Zeroing in on eight of the 24 top high school basketball players invited to the first "Elite" competition at Harlem's legendary Rucker Park in 2006, "Gunnin' for That #1 Spot" offers a snapshot of the kind of top players who one day hope to have a shoe named after them.
Zeroing in on eight of the 24 top high school basketball players invited to the first “Elite” competition at Harlem’s legendary Rucker Park in 2006, “Gunnin’ for That #1 Spot” offers a snapshot of the kind of top players who one day hope to have a shoe named after them. After the gimmicky audience-shot concert film “Awesome … ,” Beastie Boy Adam Yauch proves he can make a comprehensive, state-of-the-art docu of interest to basketball aficionados. If, unlike “Hoop Dreams,” the pic has little crossover appeal for nonsports auds, fans should nevertheless turn out in droves on June 27 for this limited release.
The eight athletes singled out by Yauch are Jerryd Bayless, Michael Beasley, Tyreke Evans, Donte Greene, Brandon Jennings, Kevin Love, Kyle Singler and Lance Stephenson. Yauch roves far afield to observe his phenoms on their home turf, from rural Oregon to Brooklyn, buttonholing friends and family along the way.

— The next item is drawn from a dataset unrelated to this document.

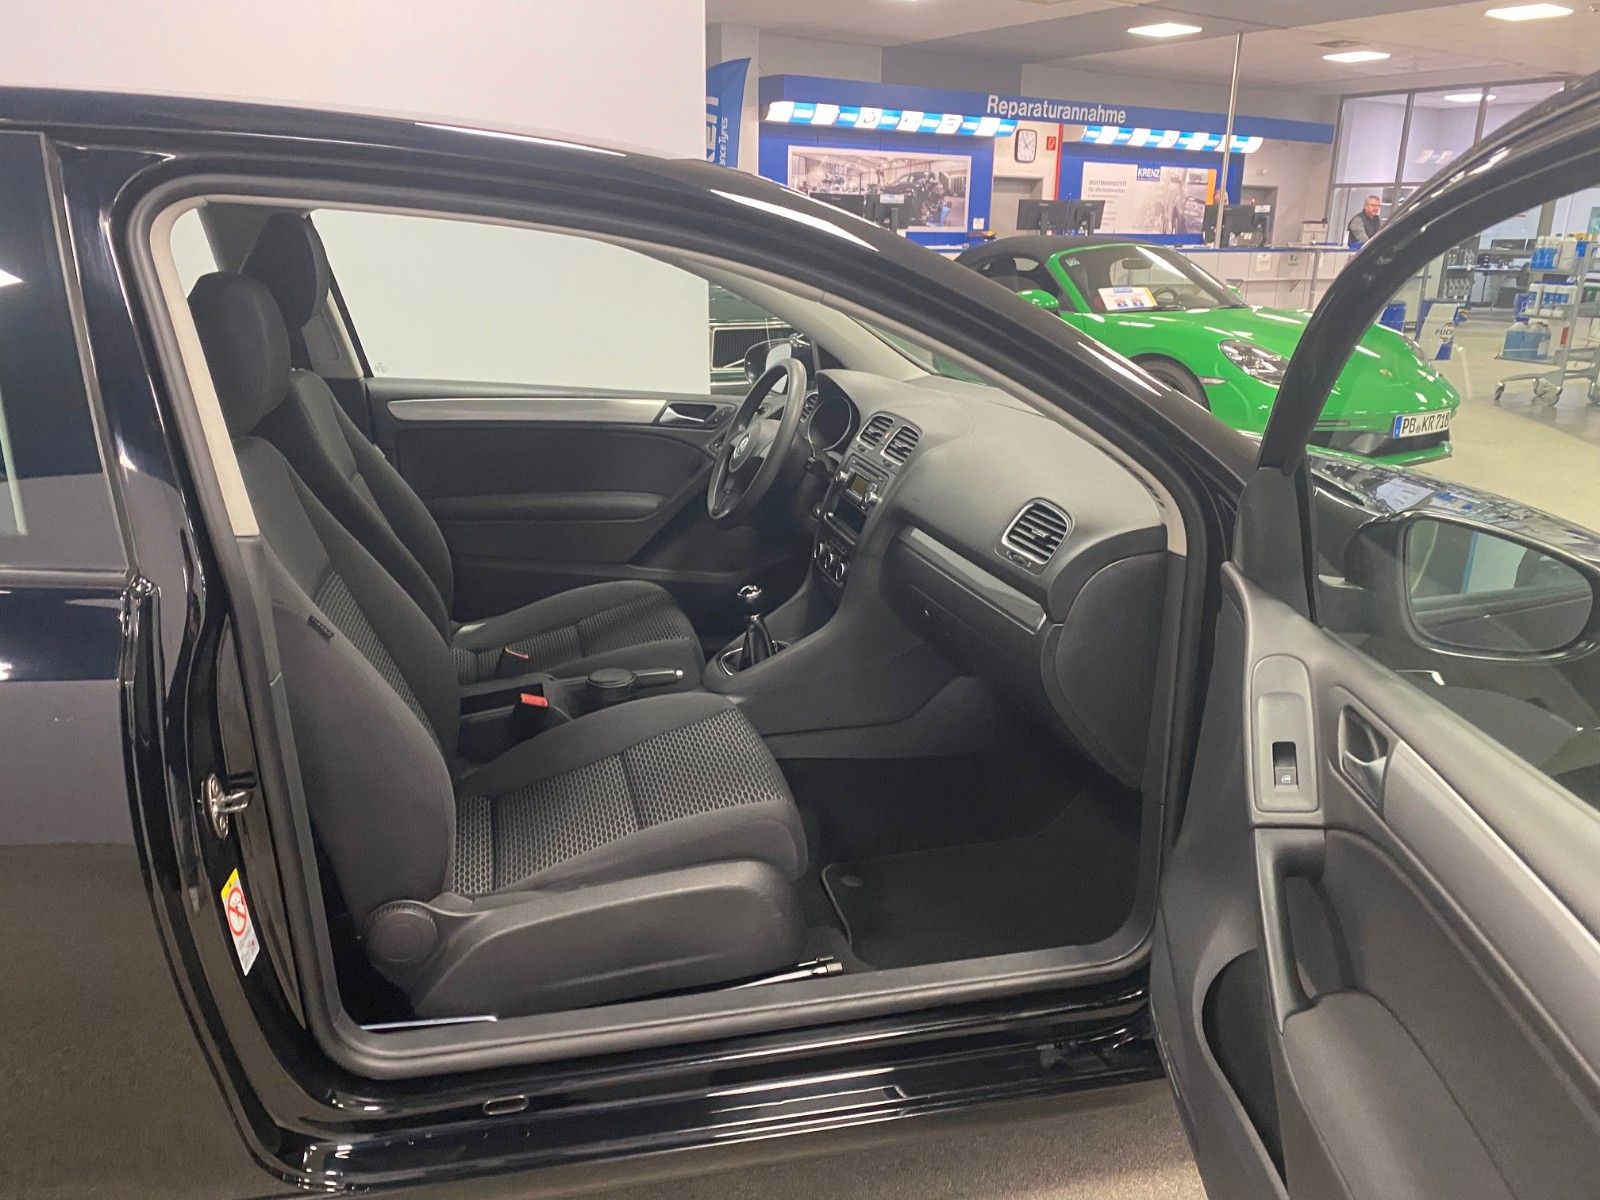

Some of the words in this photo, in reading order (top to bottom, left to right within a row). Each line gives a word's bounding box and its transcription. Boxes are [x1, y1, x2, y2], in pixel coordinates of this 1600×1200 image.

While some players yet remain relatively untouched by media coverage and imminent hoopla, others are obviously the pride and hope of their neighborhoods. Among the young men are several whose names now figure prominently in projected NBA drafts, while others are still in high school.
In New York, Yauch accompanies the players as they get acquainted with each other and with the big city, video-effects weirdly curving the skyline in subjective approximation of Gotham’s overwhelming architecture. Yauch utilizes this fisheye-type distortion to assert the verticality of the city as well as to jazz up his coverage of the game.
Once on the court where Wilt Chamberlain, Kareem Abdul-Jabbar and Dr. J held sway, the kids get their first, unofficial taste of the big time.
During the game, Yauch manages to loosely keep track of his eight stars while still following the action. The level of basketball skill is so high and the teams so well balanced that the lead swings dramatically from one team to the next and back again in nail-biting fashion, though the viewer has no dog in this race, the eight players being evenly distributed through both teams.
Soundtrack samples freely from jazz, R&B, funk and hip-hop.